------ DATA EXTRACTS

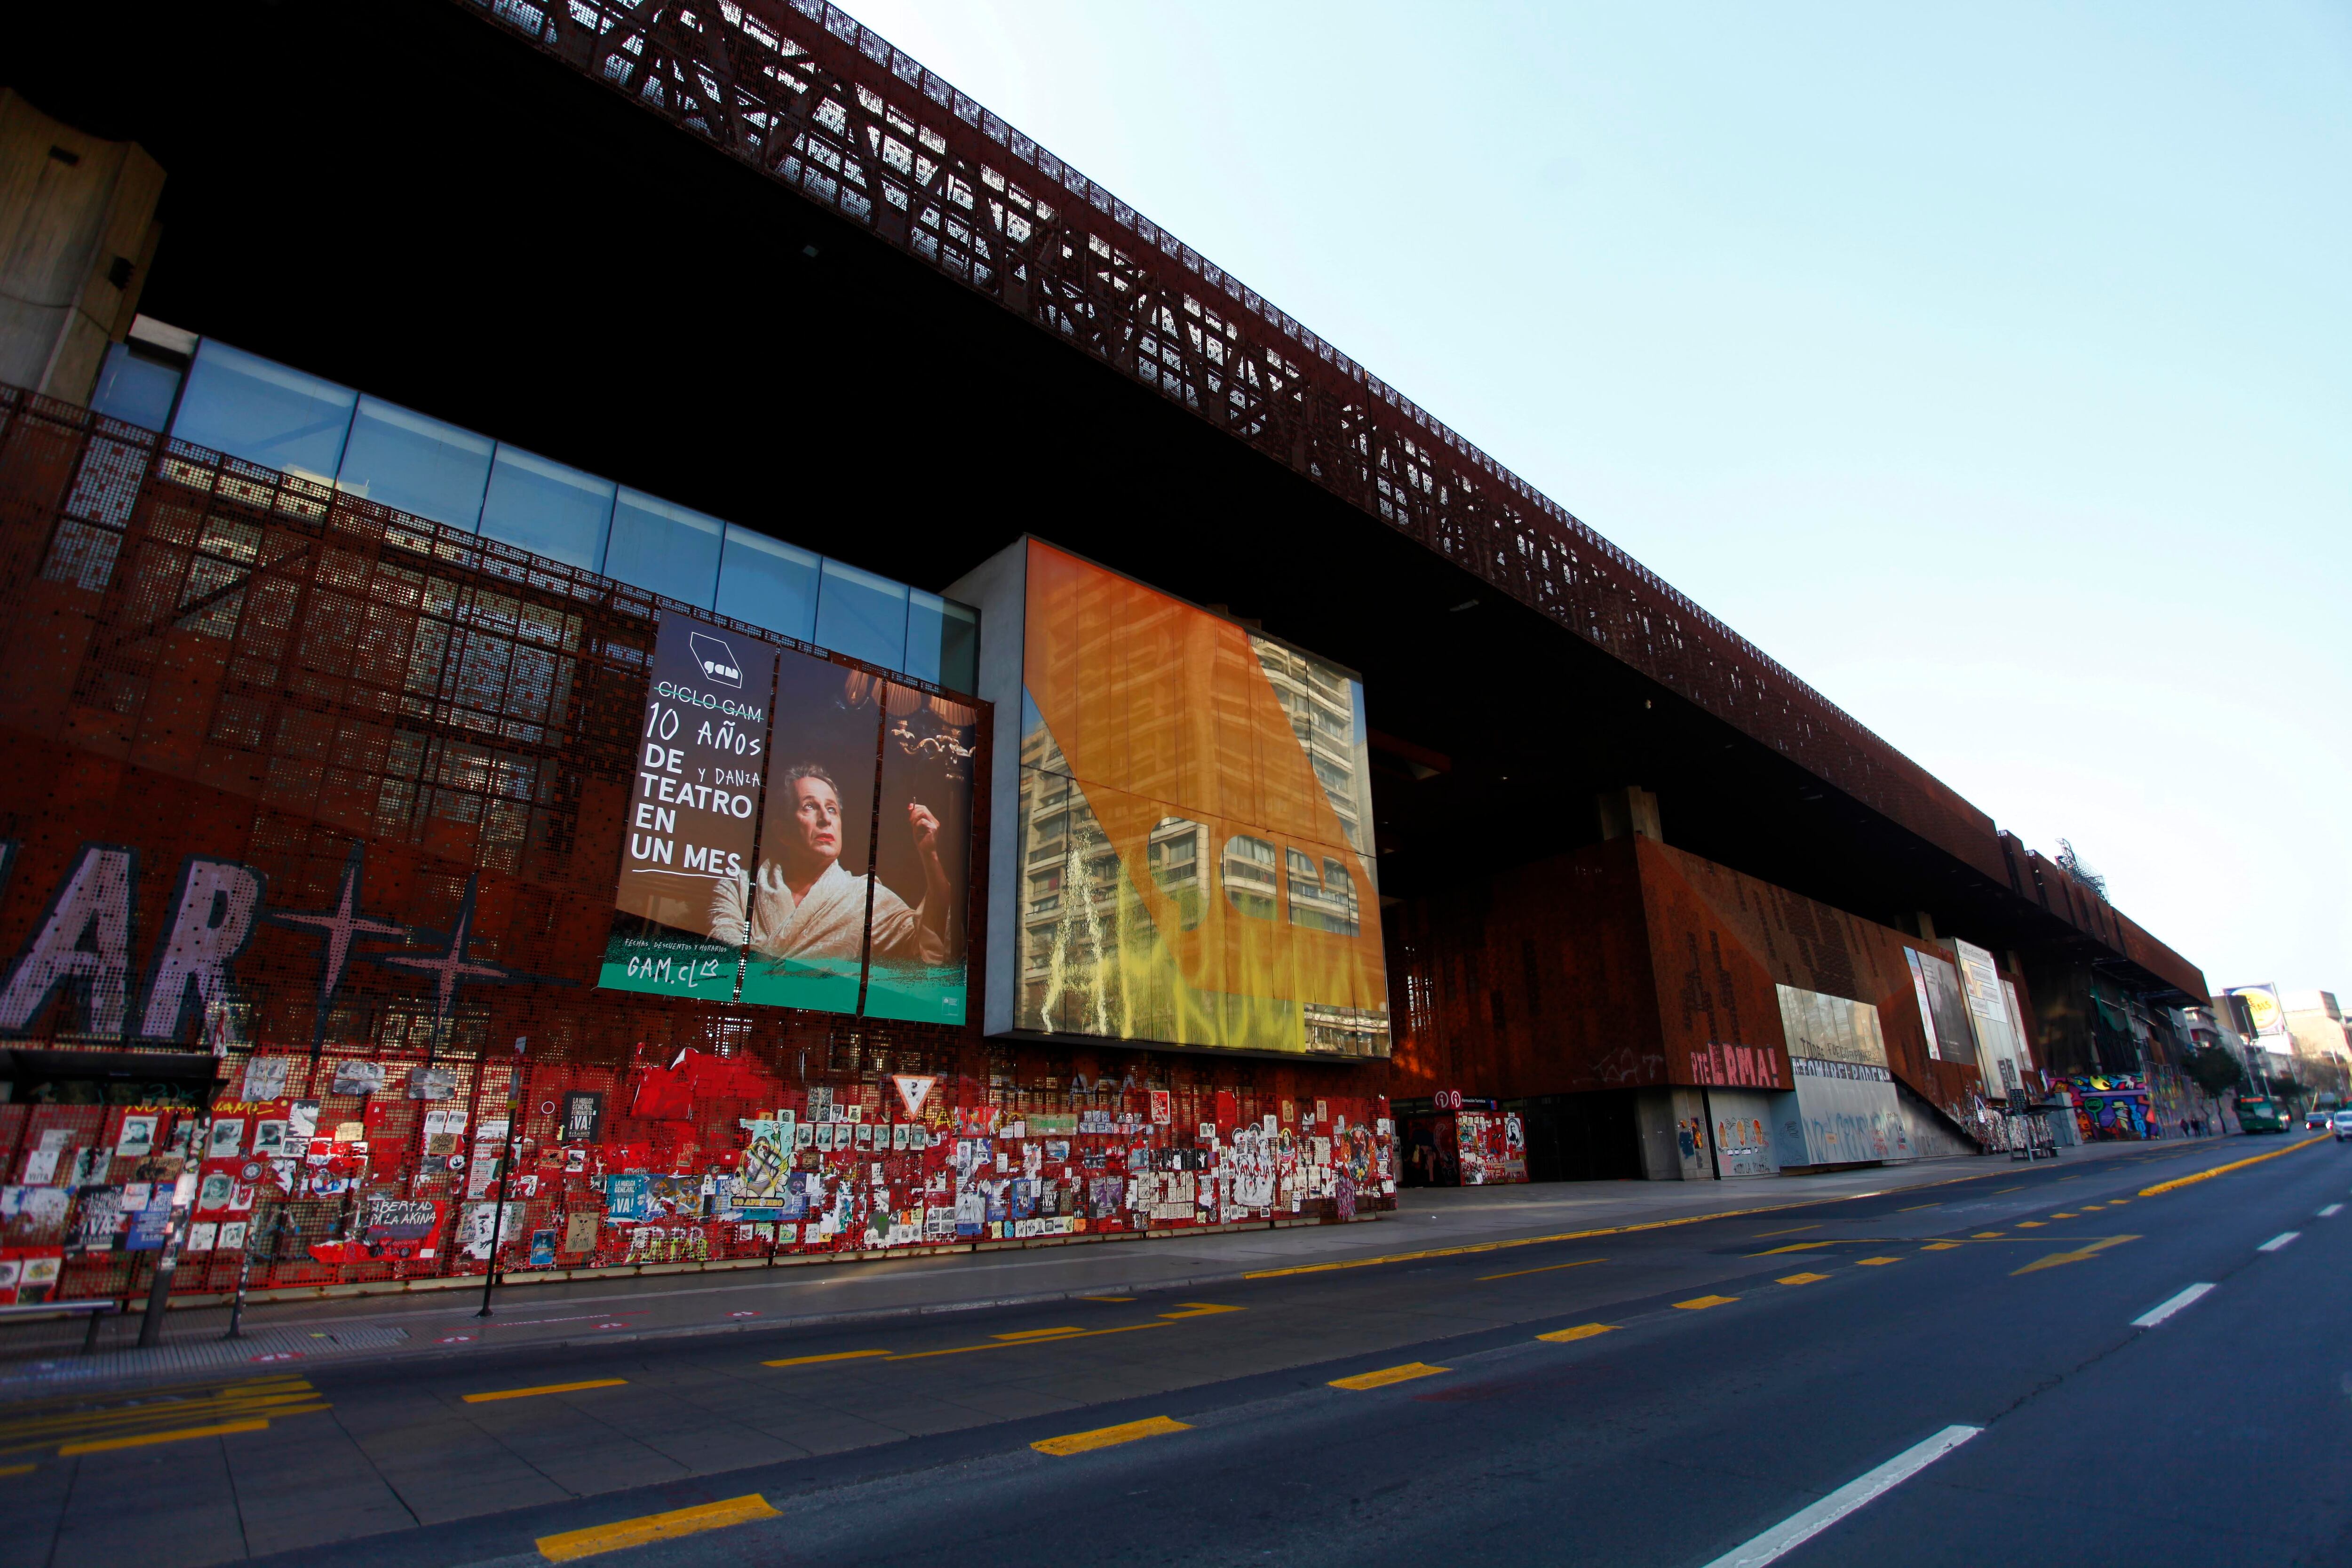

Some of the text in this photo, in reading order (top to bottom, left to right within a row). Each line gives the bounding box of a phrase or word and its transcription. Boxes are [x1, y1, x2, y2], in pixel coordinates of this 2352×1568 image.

[704, 661, 739, 679] gam
[659, 681, 761, 723] CICLO GAM
[647, 702, 761, 756] 10 AÑOS
[644, 743, 684, 774] DE
[698, 768, 706, 782] Y
[640, 772, 752, 818] TEATRO
[636, 803, 675, 834] EN
[631, 833, 740, 876] UN MES
[654, 942, 691, 950] DESCUENTOS
[570, 1115, 592, 1130] ¡VA!
[612, 1198, 634, 1213] ¡VA!
[1043, 1195, 1055, 1206] ¡VA!

------------

Please set down the records exactly, and keep every image out of the copy.

ANSWER TO THE EXERCISE:
Some of the text in this photo, in reading order (top to bottom, left to right within a row). Each line gives the bounding box of a phrase or word and its transcription. Boxes are [x1, y1, x2, y2], in pixel coordinates of this 2352×1568 image.

[704, 661, 739, 679] gam
[659, 681, 761, 723] CICLO GAM
[647, 702, 761, 756] 10 AÑOS
[644, 743, 684, 774] DE
[698, 768, 706, 782] Y
[640, 772, 752, 818] TEATRO
[636, 803, 675, 834] EN
[631, 833, 740, 876] UN MES
[654, 942, 691, 950] DESCUENTOS
[570, 1115, 592, 1130] ¡VA!
[612, 1198, 634, 1213] ¡VA!
[1043, 1195, 1055, 1206] ¡VA!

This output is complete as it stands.